When I was a kid, I don’t remember ever having Cantonese Congee in the hawker centres, do you? When my Pa said we were going to the market to eat Jok (porridge), it only meant the Hainanese style Jok where the rice is boiled till it is broken but still retains a grainy texture, unlike the Cantonese Congee where the rice is boiled to a smooth paste. Incidentally, I just found out that Congee is actually derived from the Tamil word kanji which is an Indian dish of boiled rice. I would never have imagined Indians eating porridge, then again you wouldn’t imagine an Indian man selling Satay would you? Why Satay? Well, the word Satay was derived from “sathai” which in Tamil means “flesh”, and the concept of grilled meats on skewers came from the Indian Muslims migrants. So there you have it, Indian Congee and Indian Satay.
Hainanese style Jok is always prepared only when you order in individual pots and we often see these pots lined up over gas stoves in a typical Hainanse porridge shop. What I did not know was that the porridge is only flavoured when you order.

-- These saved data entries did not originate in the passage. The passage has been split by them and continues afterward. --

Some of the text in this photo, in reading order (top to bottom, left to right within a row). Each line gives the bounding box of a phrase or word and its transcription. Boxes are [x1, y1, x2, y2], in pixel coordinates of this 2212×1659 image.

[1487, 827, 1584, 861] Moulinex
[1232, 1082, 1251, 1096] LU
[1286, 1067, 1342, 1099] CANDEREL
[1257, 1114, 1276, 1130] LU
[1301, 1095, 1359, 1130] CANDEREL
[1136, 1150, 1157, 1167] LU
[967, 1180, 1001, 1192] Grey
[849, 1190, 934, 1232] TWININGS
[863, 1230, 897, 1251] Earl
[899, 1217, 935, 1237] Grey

That is to say that the cauldron of boiling porridge is nothing but rice and water boiled to the grainy consistency without any stock or seasoning. When you order your porridge, that is when the hawker pours a scoop of porridge into a small pot, turn up the flames and adds the raw ingredients and a spoonful of a secret savoury sauce to magically transform the plain porridge into the more familiar Jok.
If you ask around as to what is good to eat at Clementi Central Food Centre, you would probably hear of this porridge stall mentioned a few times. It is good to see that the stall is being manned by a next generation hawker who proudly tells me that he continues to serve Hainanese Porridge in the most traditional style. I was told that the keys to a good bowl of Jok is to have a higher ratio of rice to water so that the porridge is thick and grainy and the next most important thing is that they use only fresh pork delivered daily to the stall.

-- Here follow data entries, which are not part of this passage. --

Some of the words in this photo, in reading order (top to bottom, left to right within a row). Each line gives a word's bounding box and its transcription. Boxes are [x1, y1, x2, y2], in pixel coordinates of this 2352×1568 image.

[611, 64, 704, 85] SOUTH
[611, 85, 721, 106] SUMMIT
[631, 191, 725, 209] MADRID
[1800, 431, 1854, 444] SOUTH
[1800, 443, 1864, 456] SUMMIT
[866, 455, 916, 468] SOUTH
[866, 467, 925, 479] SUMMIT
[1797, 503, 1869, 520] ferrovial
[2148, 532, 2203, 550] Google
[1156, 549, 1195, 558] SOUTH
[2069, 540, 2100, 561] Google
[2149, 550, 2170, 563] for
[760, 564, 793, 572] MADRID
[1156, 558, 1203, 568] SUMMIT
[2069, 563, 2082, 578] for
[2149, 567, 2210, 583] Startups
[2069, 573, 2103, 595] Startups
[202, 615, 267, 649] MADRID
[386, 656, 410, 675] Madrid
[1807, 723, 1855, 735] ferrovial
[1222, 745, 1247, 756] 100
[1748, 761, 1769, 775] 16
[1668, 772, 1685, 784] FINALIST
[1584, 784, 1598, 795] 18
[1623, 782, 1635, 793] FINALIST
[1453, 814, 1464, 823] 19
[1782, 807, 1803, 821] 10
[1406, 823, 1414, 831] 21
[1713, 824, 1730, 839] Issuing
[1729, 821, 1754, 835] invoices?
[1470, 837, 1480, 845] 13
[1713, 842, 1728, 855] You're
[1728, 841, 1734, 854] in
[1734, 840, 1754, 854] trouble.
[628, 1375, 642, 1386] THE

Unlike dishes like Laksa and Hokkien Mee, I doubt that you will start salivating when you think of Hainanese Jok. That is not to say that I don’t hanker for it every now and then. No, Hainanese porridge satisfies in a different way. When I think of having something warm to fill my rumbly tumbly on a cold rainy evening or something hot and savoury to dip You Char Kway (Deep fried Dough) in the mornings, that is when I think of Jok. I never get any stomach upset or bloatedness after a nice bowl of Jok and the best thing is that I get hungry again when it is time for the next meal. So this is one of the best comfortable food I can think of!

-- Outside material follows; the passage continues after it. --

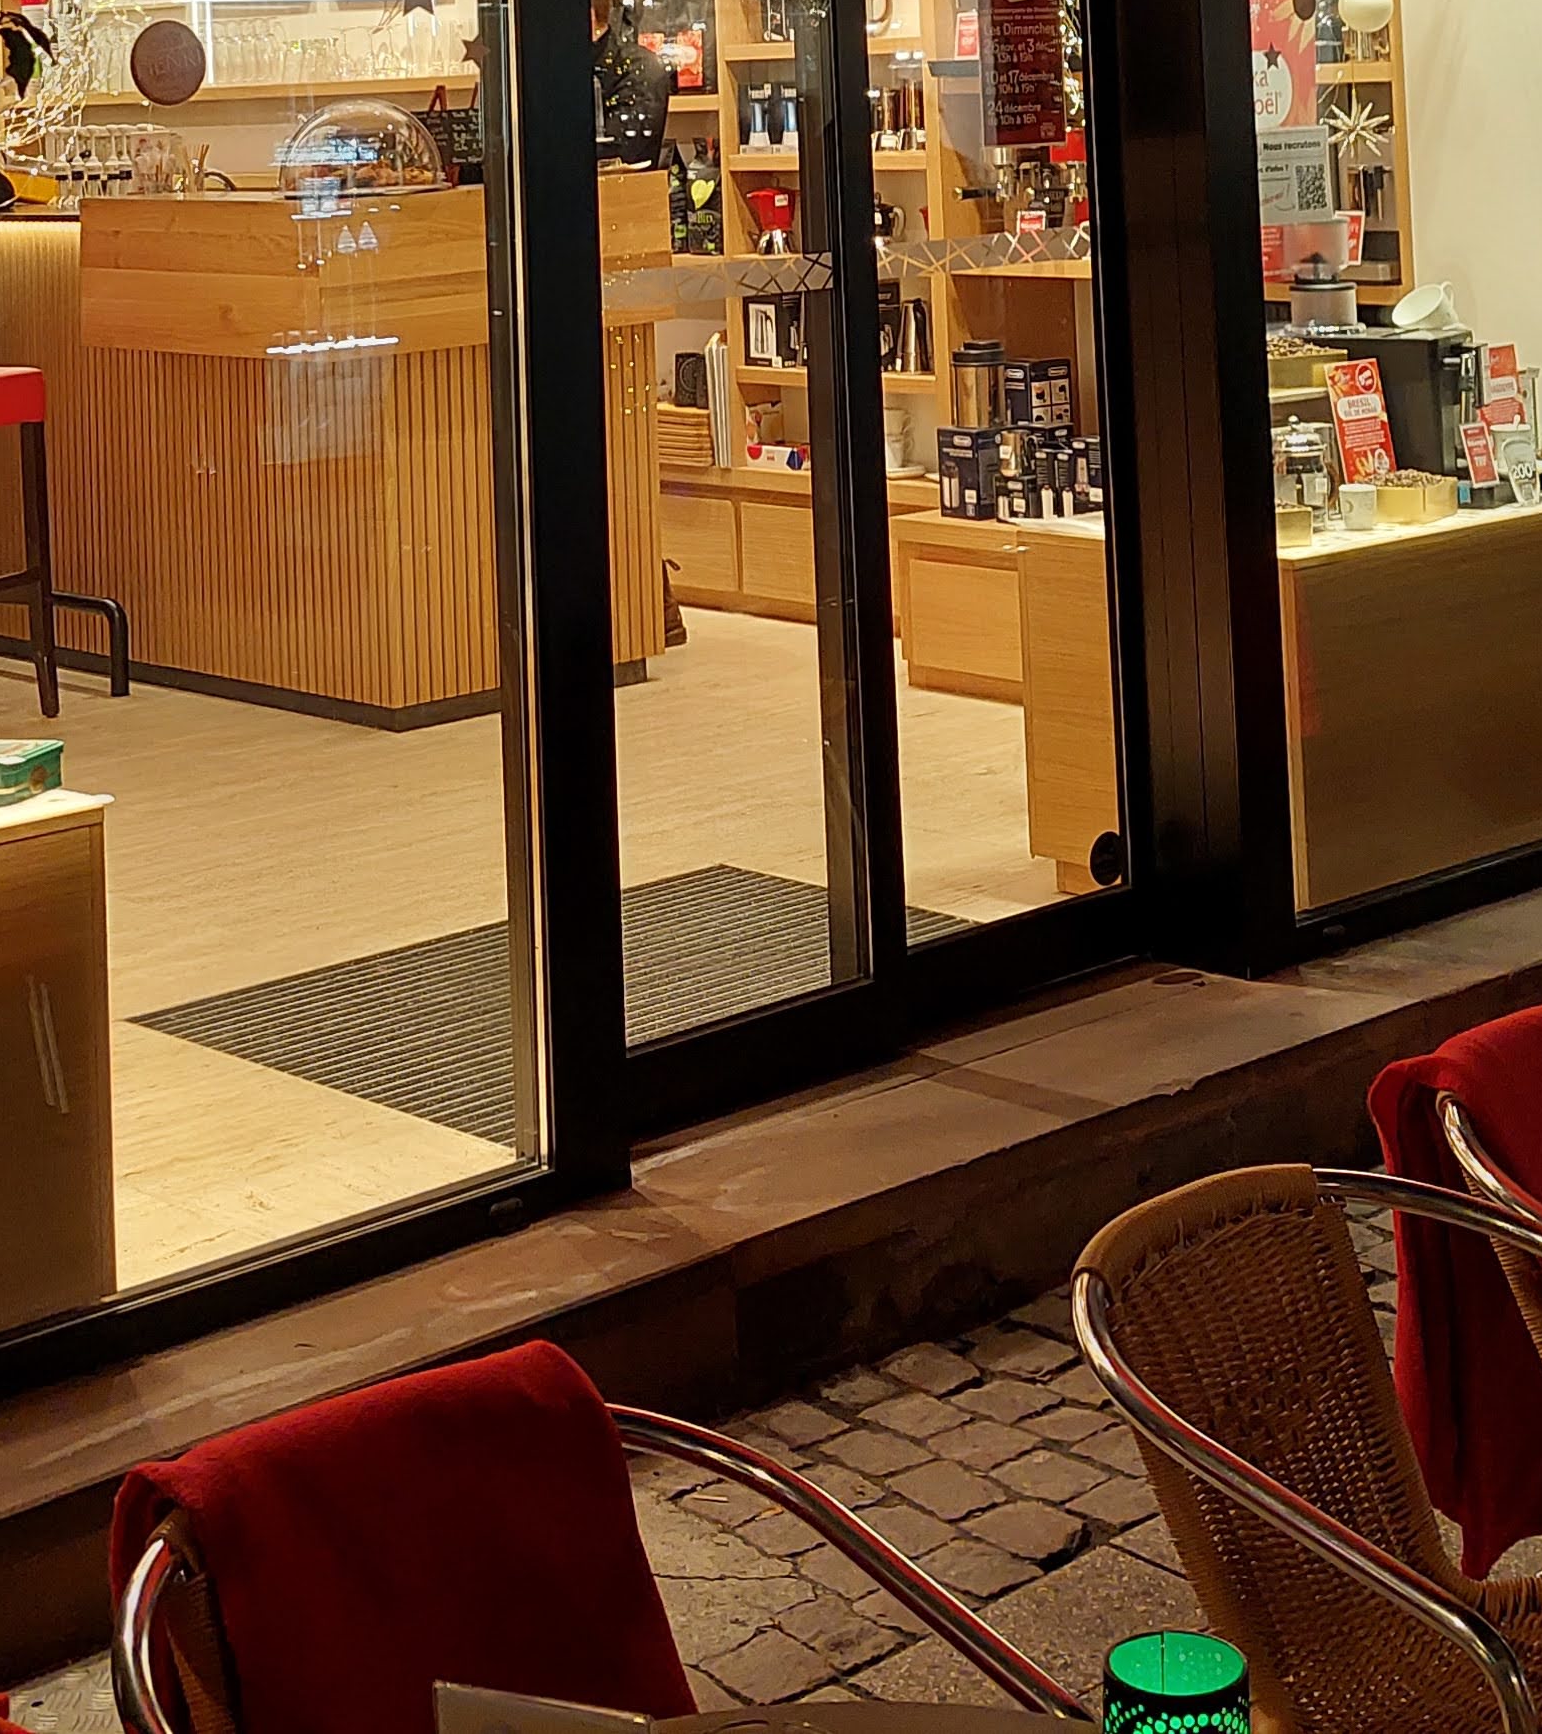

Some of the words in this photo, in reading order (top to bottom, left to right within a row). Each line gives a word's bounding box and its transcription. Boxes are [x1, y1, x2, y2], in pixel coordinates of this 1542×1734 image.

Anyway, if you are hankering for a bowl of comfortable cuisine, then here is one stall to halt the hankering. The porridge is thick and warm and the pork is fresh, savoury and quite generous. 4.25/5
Correct me if I am wrong, but I remember that when I was growing up, the only options you get is whether to have an egg and pig innards or not. But nowadays it seems that most porridge stalls offer fish, chicken, century eggs and various other ingredients to add to your porridge! Is that what you remember?